Once I merge a post and deploy, all of these blog posts are immediately available. I am not using an index page with posts yet, but just redirect the index/2 action to the latest post like this:

def index(conn, _params) do
  latest_post = Posts.get_latest_published_post()
  redirect(conn, to: "/blog/#{latest_post.date}/#{latest_post.slug}")
end

The last thing I do is make a list of post links based on the dates of the post, so that I can just deploy future content when needed and they stay hidden until the post date is here. That is pretty handy, because I can write content ahead of time and it'll become available without me needing to publish anything at a certain date or time.

Here is the full Posts module. Do you notice the new and shiny Enum.sort_by/3 unsing the Date shorthand! Very nice and easy to use.

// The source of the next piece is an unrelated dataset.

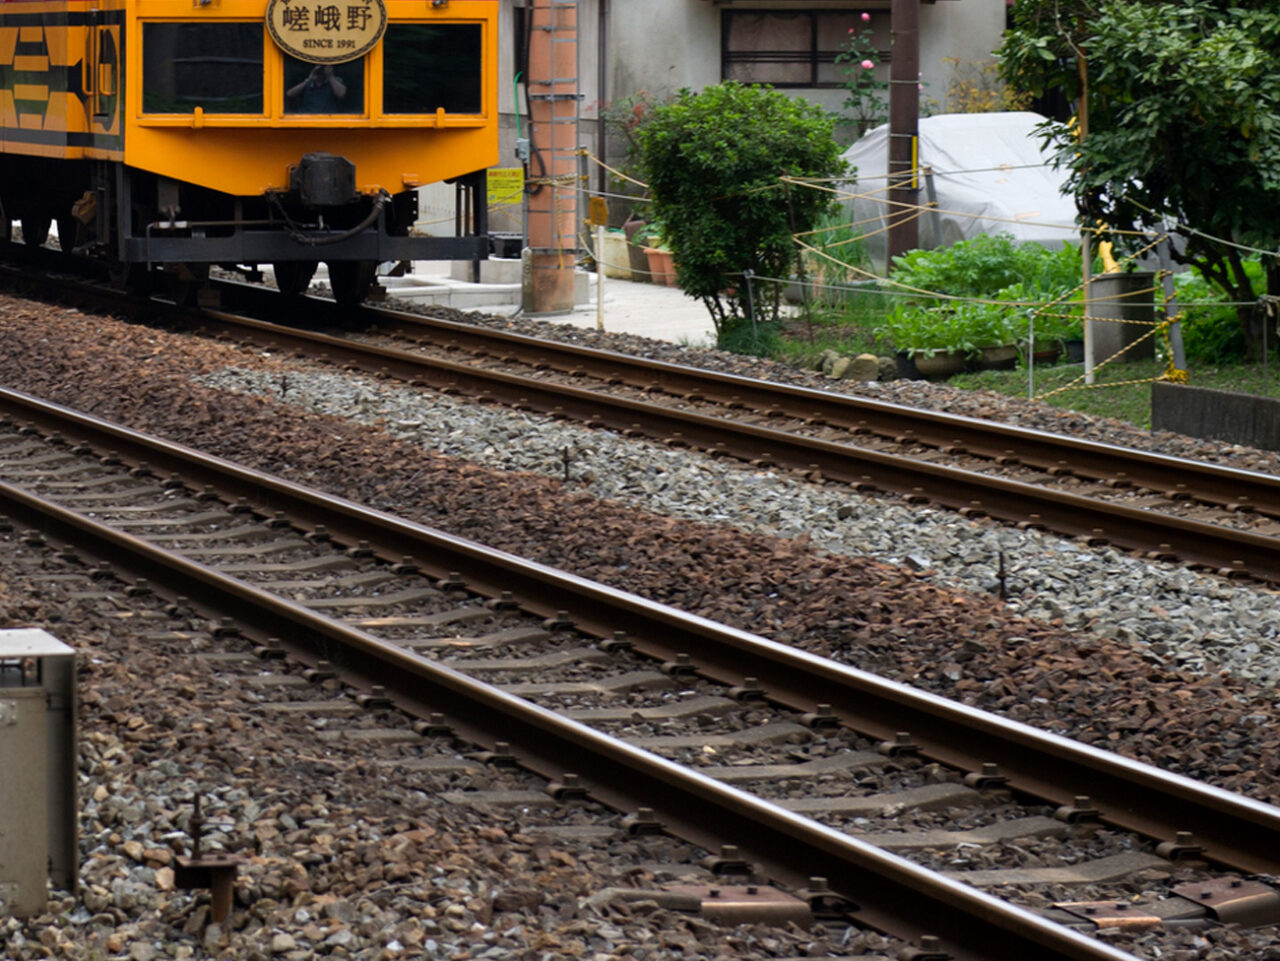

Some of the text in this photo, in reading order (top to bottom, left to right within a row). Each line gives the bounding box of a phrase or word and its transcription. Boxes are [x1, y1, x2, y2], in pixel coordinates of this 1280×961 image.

defmodule RealWorldPhoenix.Posts do
  @moduledoc false
  alias RealWorldPhoenixWeb.PostView

  def get_all_posts do
    {_, _, templates} = PostView.__templates__()

    templates
    |> map_fields()
    |> reject_future_posts()
    |> Enum.sort_by(& &1.date, {:desc, Date})
  end

  def get_latest_published_post do
    get_all_posts()
    |> List.first()
  end

  defp map_fields(paths) when is_list(paths) do
    paths
    |> Enum.map(&Path.split/1)
    |> Enum.map(&Enum.take(&1, -2))
    |> reject_partials_and_index
    |> Enum.map(&convert_fields/1)
  end

  defp reject_future_posts(list) do
    list
    |> Enum.reject(&(Date.compare(&1.date, Date.utc_today()) == :gt))
  end

  defp reject_partials_and_index(list) do
    list
    |> Enum.reject(fn file -> hd(file) == "index.html" end)
    |> Enum.reject(fn [_date, file] -> String.starts_with?(file, "_") end)
  end

  defp convert_fields([date, file]) do
    %{
      date: get_date(date),
      slug: get_slug(file),
      title: get_human_friendly_title(file)
    }
  end

  defp get_slug(filename) do
    Path.basename(filename, ".html")
  end

  defp get_human_friendly_title(file) do
    get_slug(file)
    |> String.split("_")
    |> Enum.map(&String.capitalize/1)
    |> Enum.join(" ")
  end

  defp get_date(datestring) do
    Date.from_iso8601!(datestring)
  end
end

That should wrap this up. I will definitely be tweaking this setup as I go along, but I feel I have a pretty workable blog situation setup now and I can easily start writing more content about Phoenix and Elixir!

Hope you learned something new from this post.